START Records for the exercise
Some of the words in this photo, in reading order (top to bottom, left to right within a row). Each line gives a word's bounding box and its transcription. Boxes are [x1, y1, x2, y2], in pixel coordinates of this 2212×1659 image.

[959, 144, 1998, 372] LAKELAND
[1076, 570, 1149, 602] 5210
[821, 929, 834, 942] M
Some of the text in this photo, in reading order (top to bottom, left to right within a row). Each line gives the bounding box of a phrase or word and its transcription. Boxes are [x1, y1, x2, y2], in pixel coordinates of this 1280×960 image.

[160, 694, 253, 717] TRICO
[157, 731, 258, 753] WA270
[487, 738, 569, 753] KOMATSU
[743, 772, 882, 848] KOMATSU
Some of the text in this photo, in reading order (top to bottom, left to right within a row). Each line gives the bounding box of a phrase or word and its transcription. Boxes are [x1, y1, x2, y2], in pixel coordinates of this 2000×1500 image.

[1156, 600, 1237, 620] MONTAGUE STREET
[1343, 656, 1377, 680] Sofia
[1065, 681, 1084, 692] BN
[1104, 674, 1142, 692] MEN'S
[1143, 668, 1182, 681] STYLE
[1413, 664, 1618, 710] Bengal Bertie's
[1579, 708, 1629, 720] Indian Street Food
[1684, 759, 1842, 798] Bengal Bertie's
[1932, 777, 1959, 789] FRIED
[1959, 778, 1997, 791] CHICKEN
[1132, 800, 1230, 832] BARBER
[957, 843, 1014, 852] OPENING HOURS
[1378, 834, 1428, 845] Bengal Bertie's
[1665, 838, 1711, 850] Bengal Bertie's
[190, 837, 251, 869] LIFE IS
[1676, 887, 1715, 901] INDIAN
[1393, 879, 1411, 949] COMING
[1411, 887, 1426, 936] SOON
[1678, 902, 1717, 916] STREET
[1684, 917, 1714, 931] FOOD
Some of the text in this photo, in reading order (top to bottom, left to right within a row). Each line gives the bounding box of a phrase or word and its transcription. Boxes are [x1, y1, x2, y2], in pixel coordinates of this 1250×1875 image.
END Records for the exercise
## Task requirements
Your task is to quote all of the data word for word.

## Response to the task
Some of the words in this photo, in reading order (top to bottom, left to right within a row). Each line gives a word's bounding box and its transcription. Boxes are [x1, y1, x2, y2], in pixel coordinates of this 2212×1659 image.

[959, 144, 1998, 372] LAKELAND
[1076, 570, 1149, 602] 5210
[821, 929, 834, 942] M
Some of the text in this photo, in reading order (top to bottom, left to right within a row). Each line gives the bounding box of a phrase or word and its transcription. Boxes are [x1, y1, x2, y2], in pixel coordinates of this 1280×960 image.

[160, 694, 253, 717] TRICO
[157, 731, 258, 753] WA270
[487, 738, 569, 753] KOMATSU
[743, 772, 882, 848] KOMATSU
Some of the text in this photo, in reading order (top to bottom, left to right within a row). Each line gives the bounding box of a phrase or word and its transcription. Boxes are [x1, y1, x2, y2], in pixel coordinates of this 2000×1500 image.

[1156, 600, 1237, 620] MONTAGUE STREET
[1343, 656, 1377, 680] Sofia
[1065, 681, 1084, 692] BN
[1104, 674, 1142, 692] MEN'S
[1143, 668, 1182, 681] STYLE
[1413, 664, 1618, 710] Bengal Bertie's
[1579, 708, 1629, 720] Indian Street Food
[1684, 759, 1842, 798] Bengal Bertie's
[1932, 777, 1959, 789] FRIED
[1959, 778, 1997, 791] CHICKEN
[1132, 800, 1230, 832] BARBER
[957, 843, 1014, 852] OPENING HOURS
[1378, 834, 1428, 845] Bengal Bertie's
[1665, 838, 1711, 850] Bengal Bertie's
[190, 837, 251, 869] LIFE IS
[1676, 887, 1715, 901] INDIAN
[1393, 879, 1411, 949] COMING
[1411, 887, 1426, 936] SOON
[1678, 902, 1717, 916] STREET
[1684, 917, 1714, 931] FOOD
Some of the text in this photo, in reading order (top to bottom, left to right within a row). Each line gives the bounding box of a phrase or word and its transcription. Boxes are [x1, y1, x2, y2], in pixel coordinates of this 1250×1875 image.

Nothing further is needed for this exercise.